STB Crunches Three-Benchmark Rate Case Numbers

Written by William C. Vantuono, Editor-in-Chief

The Surface Transportation Board in Docket No. EP 689 (Sub No. 15) (download below) has published the  2019-2022 RSAM (Revenue Shortfall Allocation Methodology) and R/VC>180 (Revenue-to-Variable Cost Greater than 180%) ratios for Class I’s, as well as their four-year averages, for use in Three-Benchmark rate cases. These calculations, STB noted, are the most recent.  

Tables I and II contain the most recent RSAM and R/VC>180 ratios. They represent percentages for the most recent four-year period from 2019 to 2022 for all Class I carriers. 

“The first benchmark, RSAM, measures the average markup that the railroad would need to charge all its ‘potentially captive’ traffic for the railroad to earn adequate revenues as measured by the Board under 49 U.S.C. § 10704(a)(2),” STB said. “Potentially captive traffic is defined as all traffic priced at or above the 180% R/VC level, which is the statutory floor for regulatory rail rate intervention. … The RSAM benchmark is calculated by adding the carrier’s revenue shortfall (or subtracting the overage) shown in the Board’s annual revenue adequacy determination, adjusted for taxes, to the numerator of the R/VC>180 benchmark.

“The second benchmark, R/VC>180, measures the average markup over variable cost earned by the defendant railroad on its potentially captive traffic … [It] is calculated using the Board’s confidential Waybill Sample data by dividing the total revenues earned by the carrier on potentially captive traffic by the carrier’s total variable costs for that traffic.
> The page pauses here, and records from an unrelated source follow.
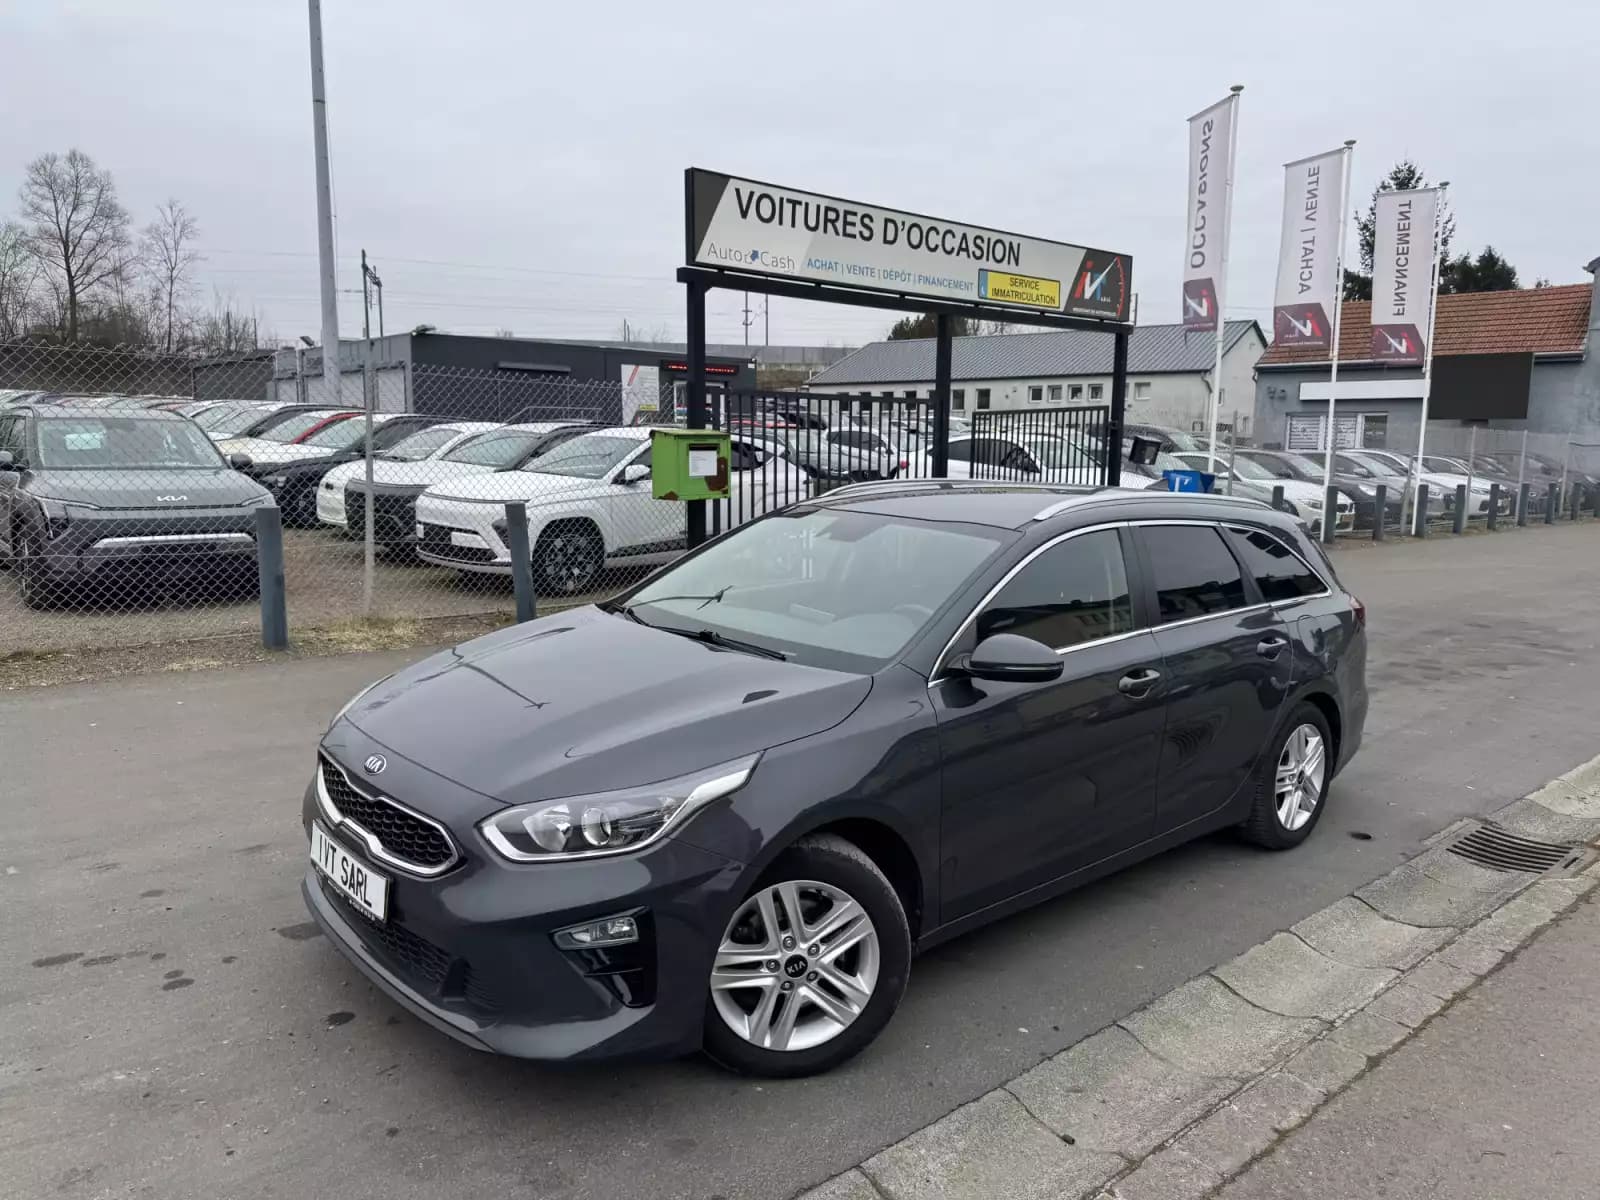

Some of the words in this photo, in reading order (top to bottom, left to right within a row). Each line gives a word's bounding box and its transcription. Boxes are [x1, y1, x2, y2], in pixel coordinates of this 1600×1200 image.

[735, 187, 874, 241] VOITURES
[707, 242, 743, 262] Auto
[760, 251, 796, 270] Cash
[807, 257, 839, 273] ACHAT
[846, 263, 876, 278] VENTE
[882, 267, 912, 282] DÉPÔT
[918, 273, 974, 293] FINANCEMENT
[1009, 276, 1040, 291] SERVICE
[991, 287, 1056, 305] IMMATRICULATION
[364, 755, 383, 773] KIA
[318, 833, 337, 875] IVT
[340, 855, 373, 908] SARL
[786, 960, 806, 974] KIA
The ratio of RSAM to R/VC>180 provides an estimate of how much more or less the railroad would need to charge its potentially captive traffic to be revenue adequate.

“The third benchmark is revenue-to-variable cost comparison (R/VCCOMP), used to compare the markup on the challenged traffic to the average markup assessed on other potentially captive traffic involving the same or a similar commodity with similar transportation characteristics. The R/VCCOMP ratio for appropriate comparison traffic is computed using traffic data from the Waybill Sample and applying the Board’s Uniform Rail Costing System (URCS).”